◆ Requirement
Reproduce only the lines from the one containing "Some of the words" through the end of the data, exactly as they stand.

[Saved entries]

■ ■ ■

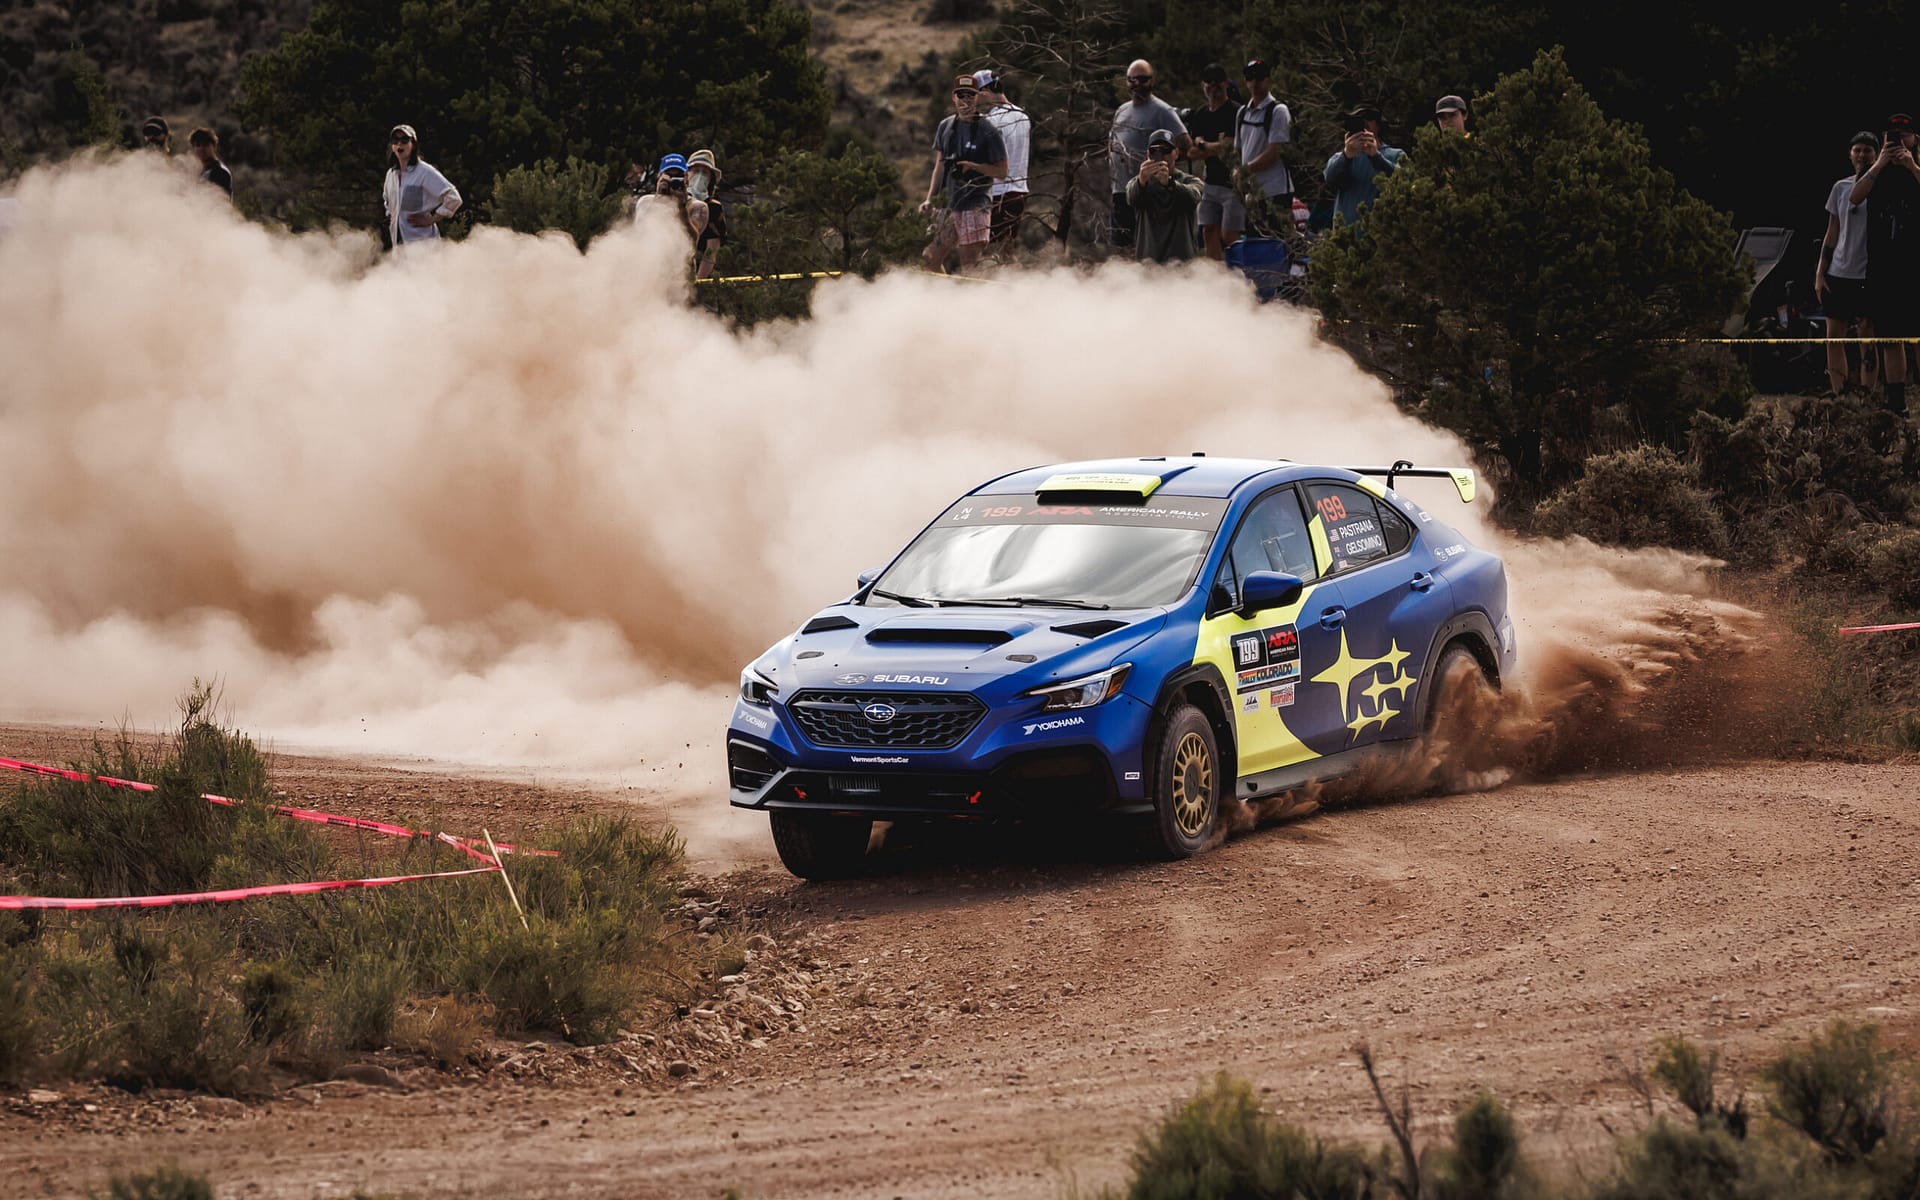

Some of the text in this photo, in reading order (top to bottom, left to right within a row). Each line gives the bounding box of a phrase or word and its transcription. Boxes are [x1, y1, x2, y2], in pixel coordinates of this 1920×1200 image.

[981, 506, 1023, 517] 199
[1169, 509, 1209, 517] RALLY
[1317, 495, 1347, 522] 199
[1339, 519, 1375, 538] PASTRANA
[1346, 535, 1382, 555] GELSOMINO
[1268, 631, 1297, 648] ARA
[1236, 637, 1259, 665] 199
[872, 674, 949, 685] SUBARU
[1256, 663, 1293, 681] COLORADO
[1037, 716, 1085, 731] YOKOHAMA
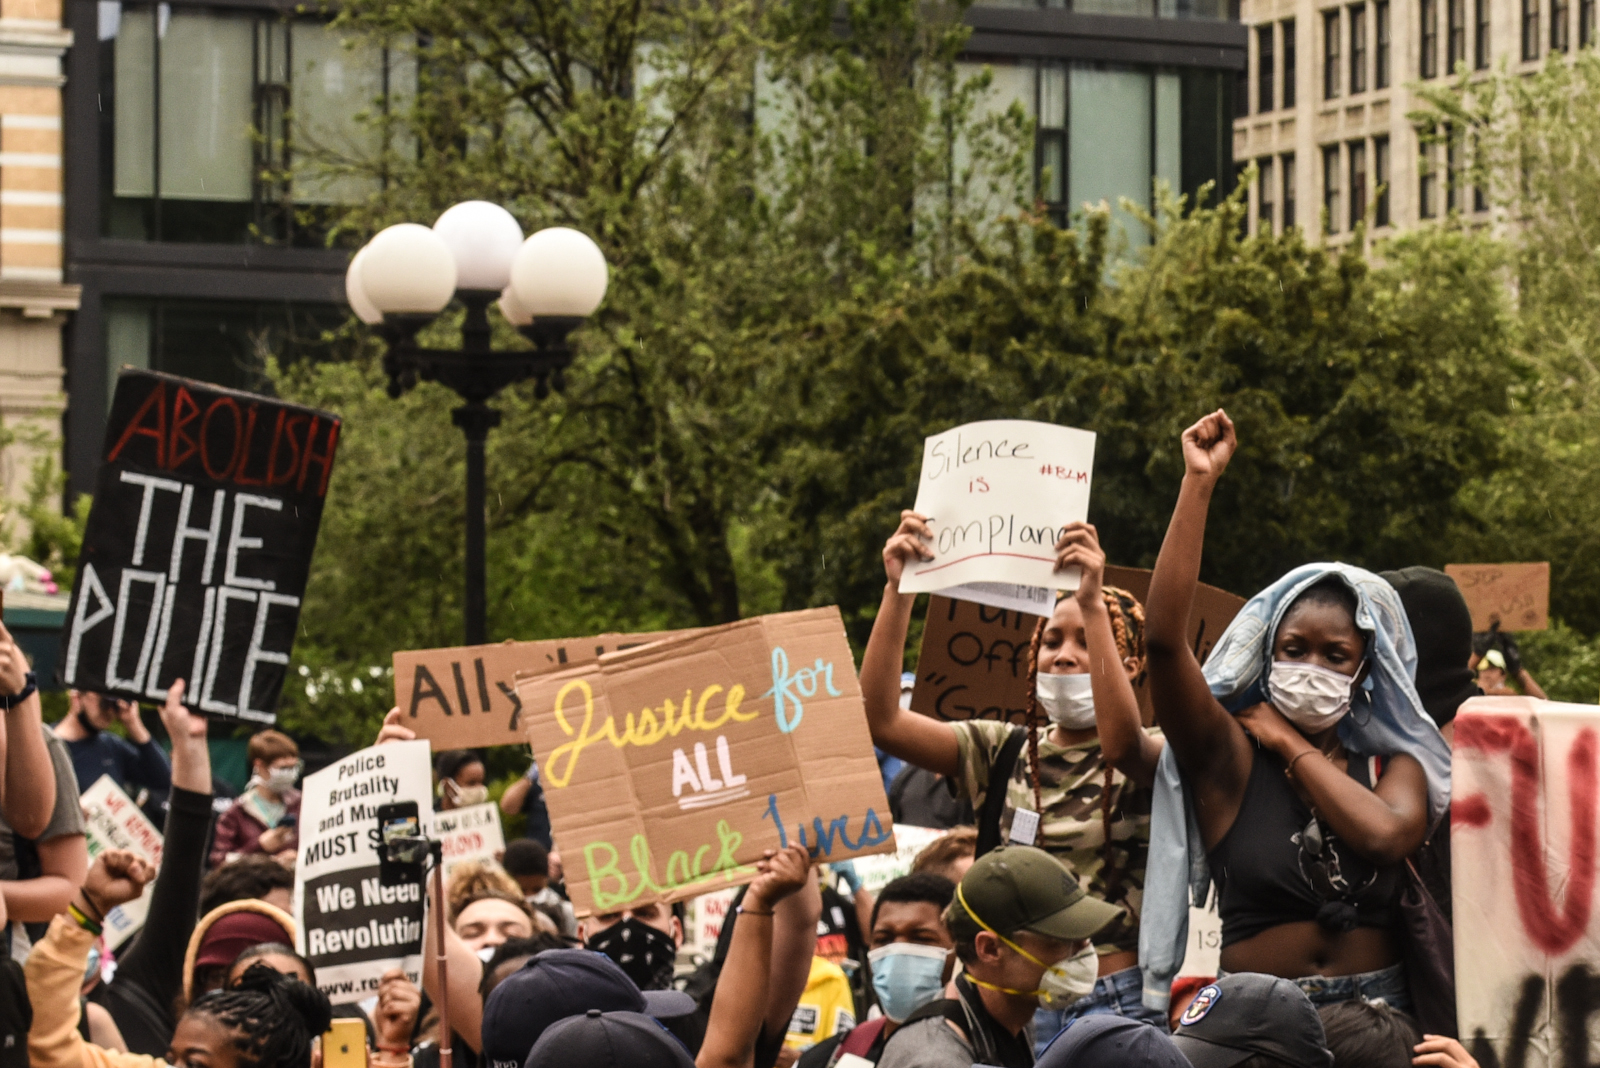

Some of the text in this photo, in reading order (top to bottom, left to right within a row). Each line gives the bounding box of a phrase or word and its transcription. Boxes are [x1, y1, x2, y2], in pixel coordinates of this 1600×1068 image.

[107, 380, 340, 497] ABOLISH
[928, 433, 1034, 480] Silence
[1039, 464, 1088, 484] #BLM
[120, 470, 282, 590] THE
[64, 562, 300, 725] POLICE
[544, 647, 842, 787] Justice for
[338, 754, 386, 780] Police
[671, 735, 747, 798] ALL
[329, 775, 399, 806] Brutality
[319, 809, 345, 833] and
[304, 831, 359, 867] MUST
[582, 818, 757, 910] Black
[316, 884, 357, 914] We
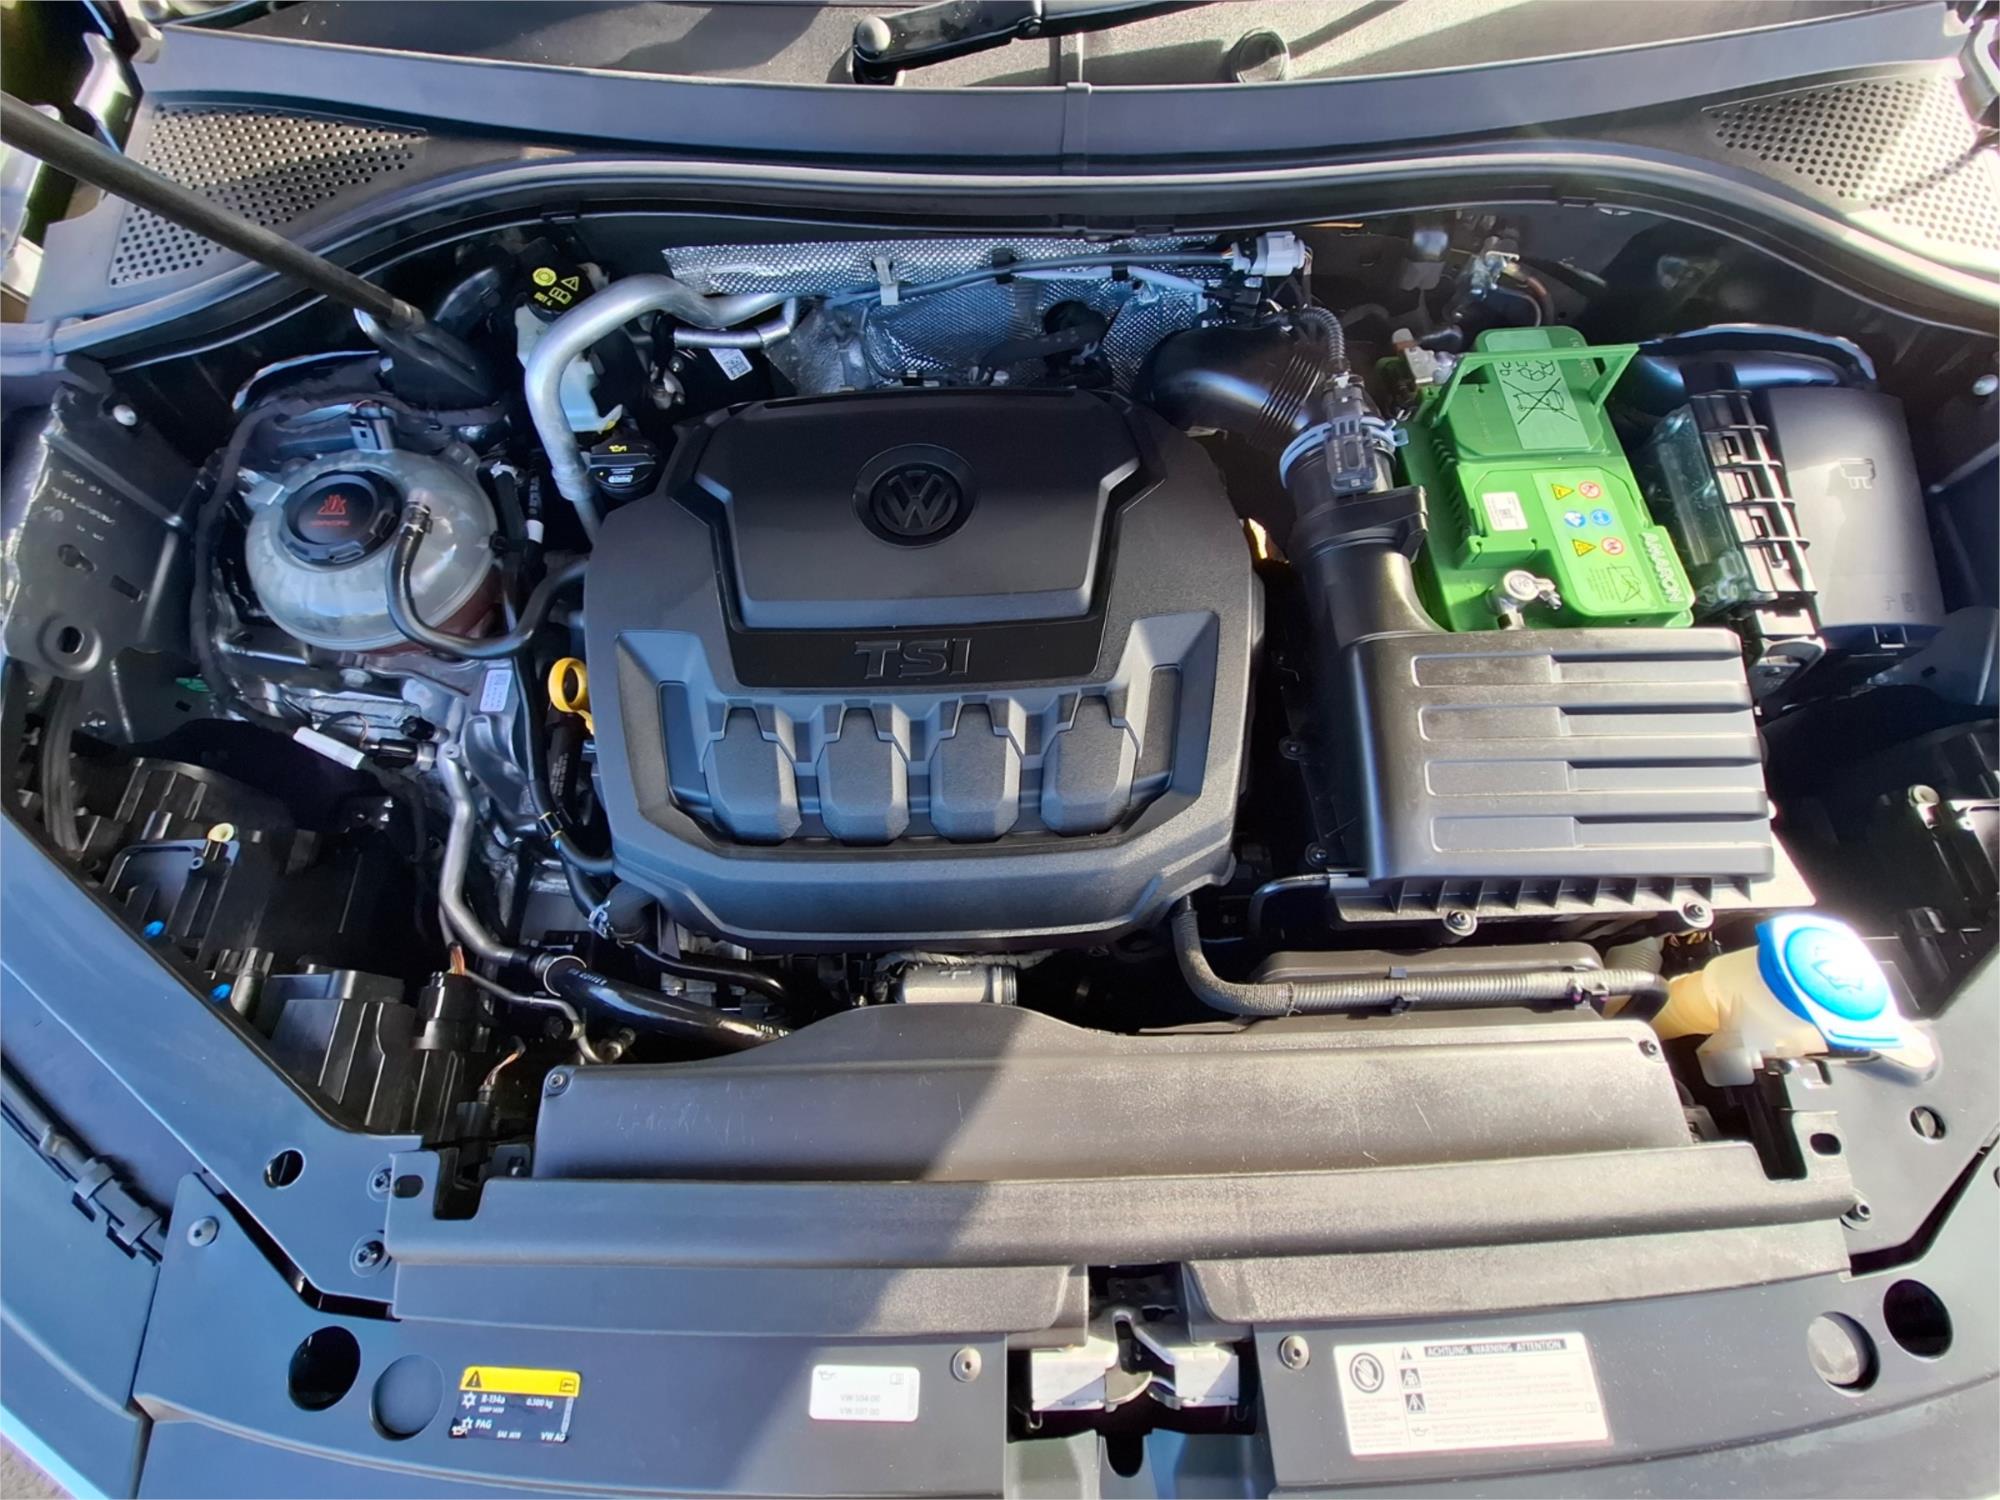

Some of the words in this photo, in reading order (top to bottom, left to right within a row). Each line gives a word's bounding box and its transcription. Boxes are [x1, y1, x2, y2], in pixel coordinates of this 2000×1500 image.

[873, 464, 957, 535] VW
[1640, 532, 1685, 602] AMARON
[854, 638, 972, 679] TSI
[1427, 1345, 1468, 1357] ACHTUNG
[1472, 1343, 1512, 1354] WARNING
[1516, 1340, 1561, 1352] ATTENTION
[475, 1420, 492, 1429] PAG
[541, 1432, 555, 1441] VW
[553, 1433, 566, 1442] AG

■ ■ ■

◆ Result below
Some of the words in this photo, in reading order (top to bottom, left to right within a row). Each line gives a word's bounding box and its transcription. Boxes are [x1, y1, x2, y2], in pixel coordinates of this 2000×1500 image.

[873, 464, 957, 535] VW
[1640, 532, 1685, 602] AMARON
[854, 638, 972, 679] TSI
[1427, 1345, 1468, 1357] ACHTUNG
[1472, 1343, 1512, 1354] WARNING
[1516, 1340, 1561, 1352] ATTENTION
[475, 1420, 492, 1429] PAG
[541, 1432, 555, 1441] VW
[553, 1433, 566, 1442] AG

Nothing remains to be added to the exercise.